DreamWorks Ani's 4Q beats predictions
Katzenberg says company will have 'best year ever' in 2010DreamWorks Animation is on the cusp of doing something no other movie studio in history has done: release three CG-animated features in a year. And CEO Jeffrey Katzenberg was crowing Tuesday that the company will have "its best year ever" in 2010.
DWA, in fact, already is on a roll. Not only is its stock pushing up against an all-time high, but it posted profit and earnings Tuesday that beat analyst predictions by a healthy margin.
Net income in the fourth quarter fell 16% to $43.6 million and revenue was down 3% to $194 million.
The better-than-expected numbers were spurred by a take of $50.4 million from a couple of holiday TV specials: "Monsters vs.

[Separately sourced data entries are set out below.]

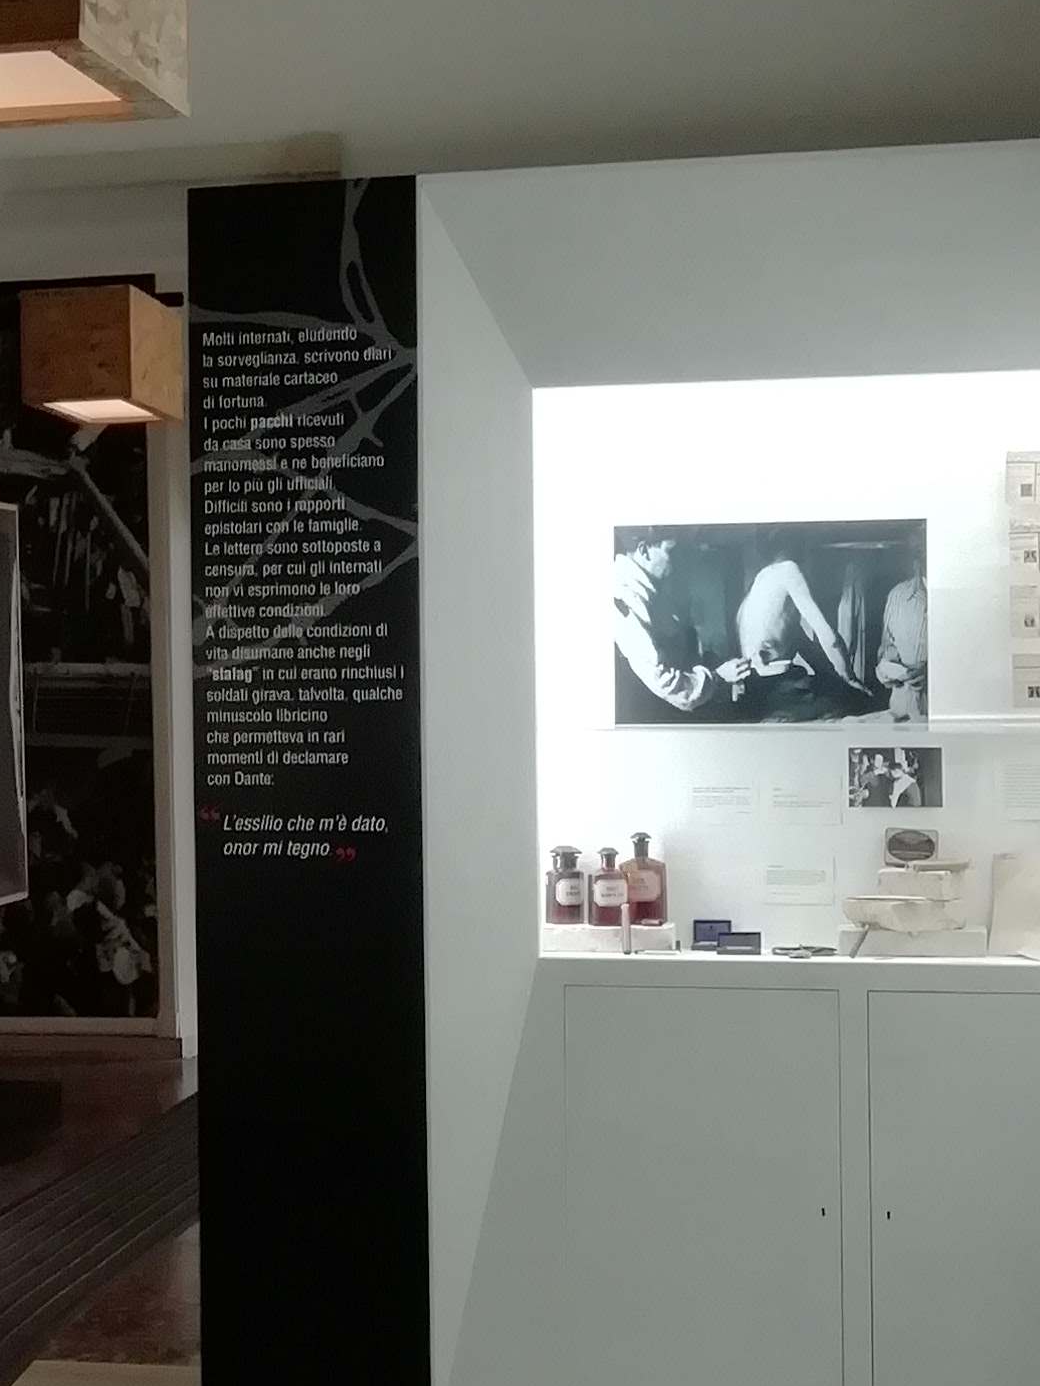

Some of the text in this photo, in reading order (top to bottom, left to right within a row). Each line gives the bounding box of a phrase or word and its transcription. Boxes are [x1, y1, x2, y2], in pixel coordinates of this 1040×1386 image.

[203, 327, 357, 346] Molti internati, eludendo
[203, 353, 213, 367] la
[304, 349, 359, 363] scrivono
[363, 346, 392, 361] diari
[203, 372, 338, 388] su materiale cartaceo
[203, 395, 214, 409] di
[204, 412, 344, 433] I pochi pacchi ricevuti
[204, 436, 335, 451] da casa sono spesso
[280, 458, 288, 469] e
[292, 458, 307, 469] ne
[311, 452, 384, 469] beneficiano
[204, 481, 223, 495] per
[228, 479, 240, 492] lo
[244, 478, 263, 494] più
[267, 477, 283, 494] gli
[205, 496, 345, 514] Difficili sono i rapporti
[205, 517, 362, 537] epistolari con le famiglie.
[205, 539, 381, 555] Le lettere sono sottoposte a
[262, 563, 282, 577] per
[287, 562, 305, 575] cui
[310, 560, 325, 577] gli
[330, 559, 382, 574] internati
[205, 581, 360, 599] non vi esprimono le loro
[205, 626, 214, 639] A
[218, 625, 269, 640] dispetto
[307, 623, 371, 637] condizioni
[376, 623, 387, 637] di
[206, 644, 370, 661] vita disumane anche negli
[262, 666, 274, 680] in
[278, 666, 297, 680] cui
[301, 668, 337, 679] erano
[341, 665, 396, 680] rinchiusi
[400, 665, 404, 679] i
[206, 688, 248, 702] soldati
[352, 687, 403, 703] qualche
[206, 708, 328, 723] minuscolo libricino
[206, 729, 345, 746] che permetteva in rari
[207, 750, 348, 765] momenti di declamare
[207, 771, 274, 786] con Dante:
[287, 814, 314, 831] che
[319, 813, 347, 831] m'è
[351, 814, 388, 833] dato,
[223, 842, 259, 856] onor
[263, 840, 283, 856] mi

Aliens: Mutant Pumpkins From Outer Space" and "Merry Madagascar."
For the full year, DWA posted net income that grew 6% to $151 million on revenue that was up 12% to $725 million.
The power of the green ogre was on display again as the 2007 sequel "Shrek the Third" contributed $39 million in revenue in the fourth quarter, more than any other title DWA mentioned by name. "Bee Movie" from the same year was responsible for $2.3 million.
"Madagascar: Escape 2 Africa" and "Kung Fu Panda," the company's 2008 releases, brought in $23 million and $18 million, respectively. The 2009 release "Monsters vs. Aliens" contributed $29 million.
Library and other titles brought in $33 million, including $10 million from the stage play "Shrek the Musical."
Due this year from DWA are "How to Train Your Dragon" on March 26, followed by "Shrek Forever After" on May 21 and "Megamind" on Nov. 5.
All are in 3D, and Katzenberg was emphatic that there will be plenty of screens to go around no matter how many 3D feature films the competition releases.
"The logjam is here today and, frankly, will be gone tomorrow," he said.
The first test is "Dragon," which will overlap to varying degrees with Disney's "Alice in Wonderland, Warner Bros.' "Clash of the Titans" and Fox's megaholdover "Avatar."
Speaking to analysts Tuesday, Katzenberg gave a shout-out to James Cameron, calling his latest creation "nothing short of inspirational" in terms of its 3D wizardry.
Katzenberg told The Hollywood Reporter that "Dragon" will play on 2,100 of the 3,800 domestic 3D screens and up to an additional 4,000 internationally.
"Nobody is going to be denied access to the marketplace," he said.